- **Provided information**:
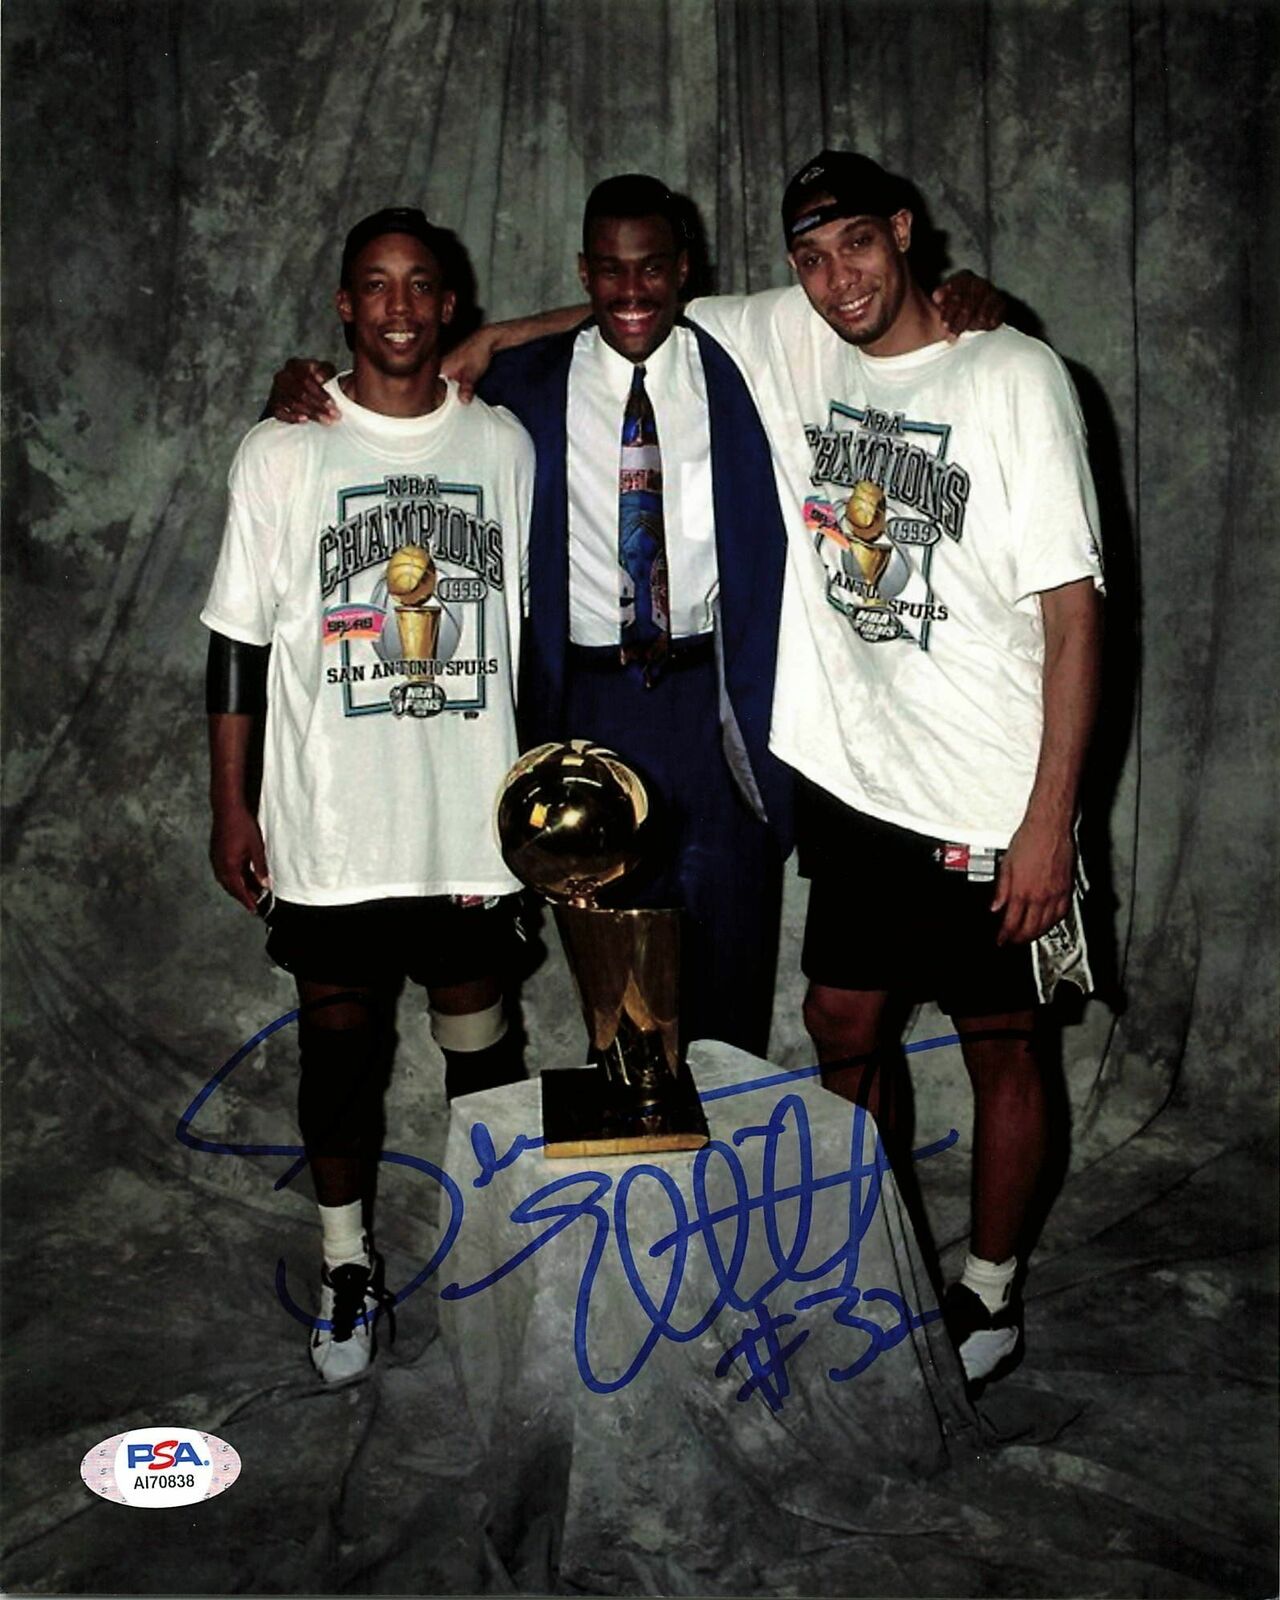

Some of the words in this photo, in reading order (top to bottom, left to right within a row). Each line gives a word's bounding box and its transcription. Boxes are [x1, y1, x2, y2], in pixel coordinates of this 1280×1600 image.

[861, 407, 904, 432] NBA
[386, 475, 439, 498] NBA
[892, 522, 932, 542] 1999
[319, 500, 503, 600] CHAMPIONS
[446, 581, 481, 599] 1999
[888, 600, 949, 621] SPURS
[327, 666, 365, 684] SAN
[371, 660, 443, 680] ANTONIO
[446, 659, 498, 677] SPURS
[133, 1474, 195, 1490] AI70838
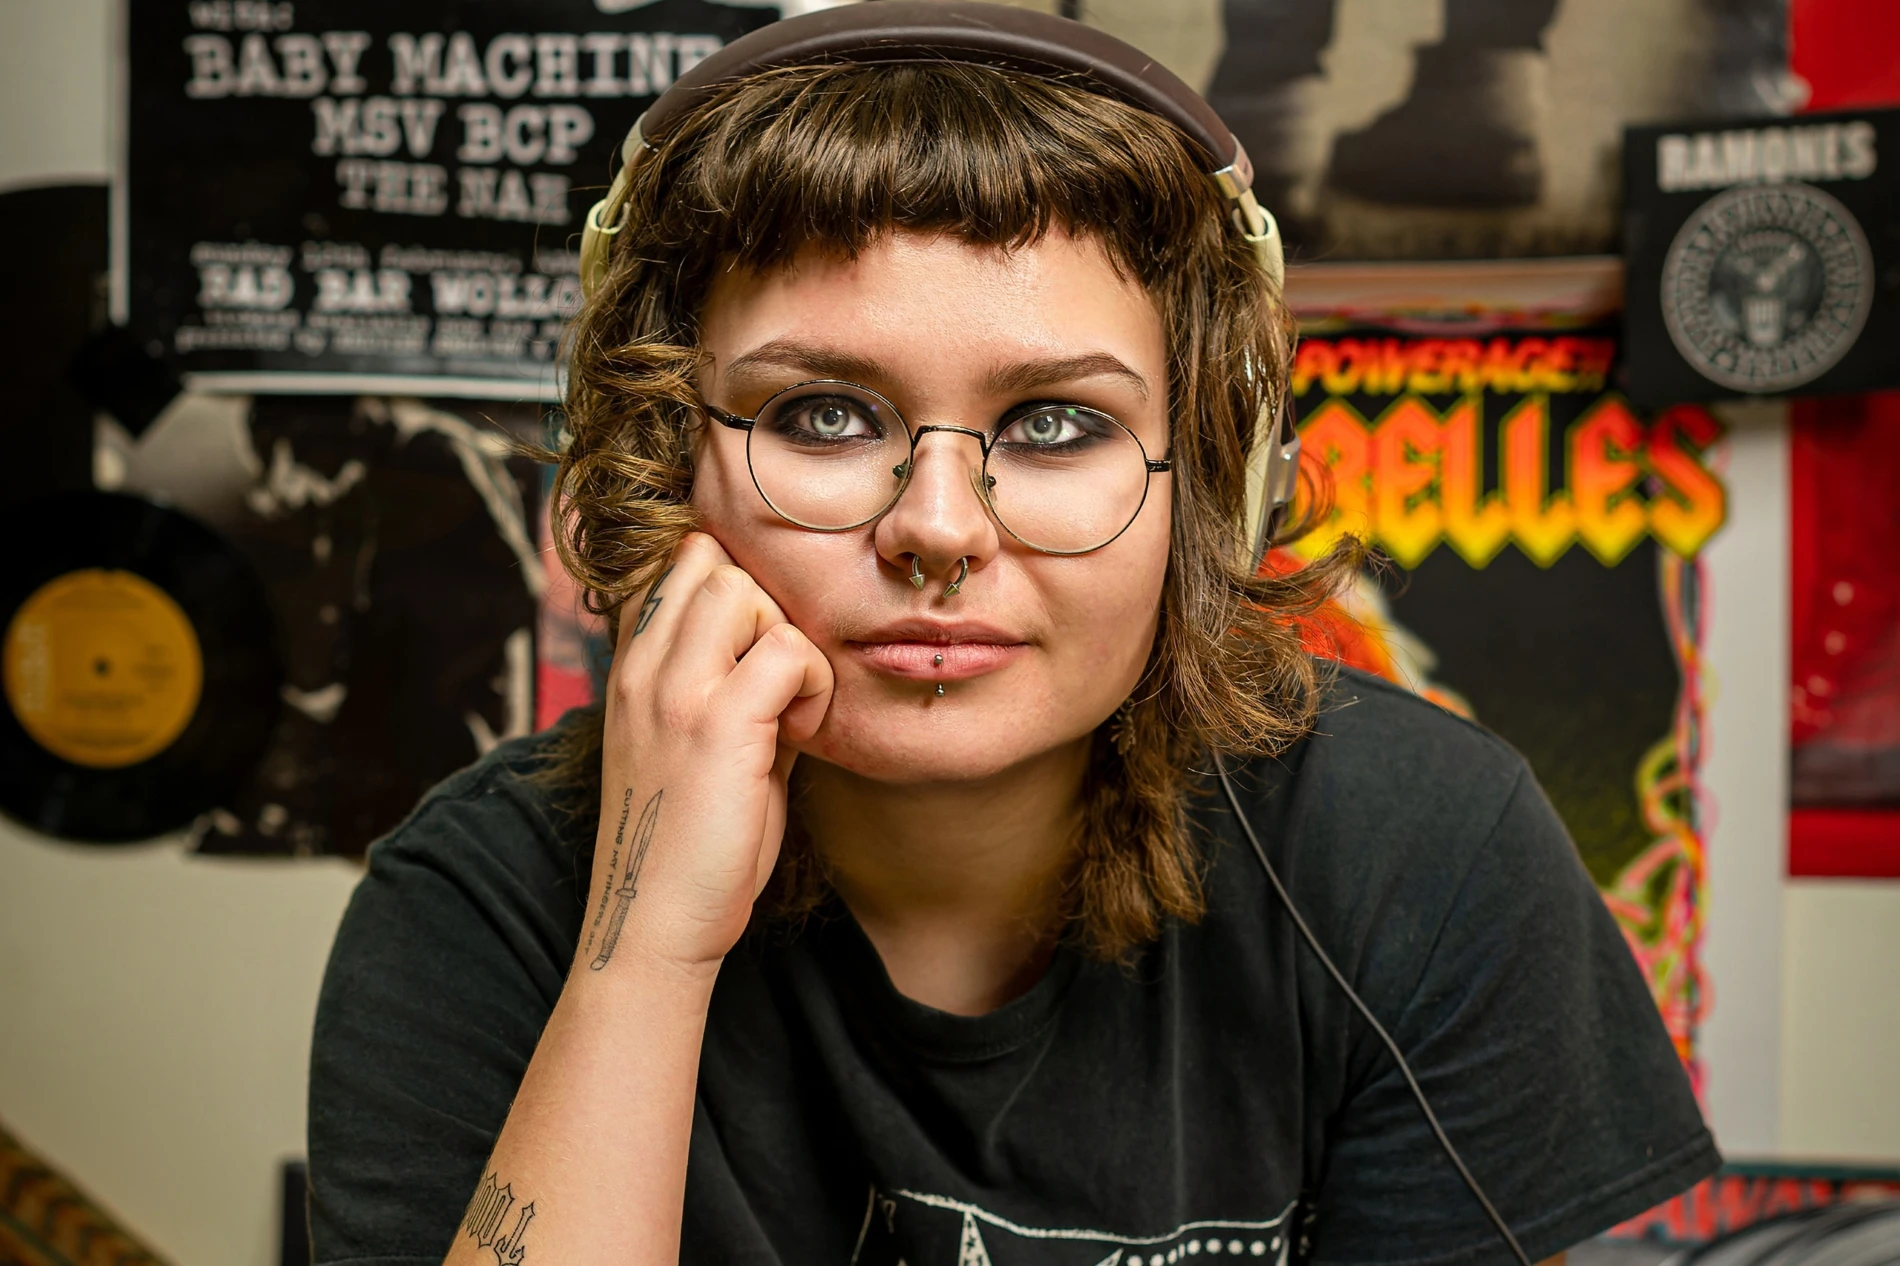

- **What is required**: All of the entries above need to be repeated exactly, minus the pictures.

- **Written response**:
Some of the words in this photo, in reading order (top to bottom, left to right within a row). Each line gives a word's bounding box and its transcription. Boxes are [x1, y1, x2, y2], in pixel coordinates of this 1280×1600 image.

[861, 407, 904, 432] NBA
[386, 475, 439, 498] NBA
[892, 522, 932, 542] 1999
[319, 500, 503, 600] CHAMPIONS
[446, 581, 481, 599] 1999
[888, 600, 949, 621] SPURS
[327, 666, 365, 684] SAN
[371, 660, 443, 680] ANTONIO
[446, 659, 498, 677] SPURS
[133, 1474, 195, 1490] AI70838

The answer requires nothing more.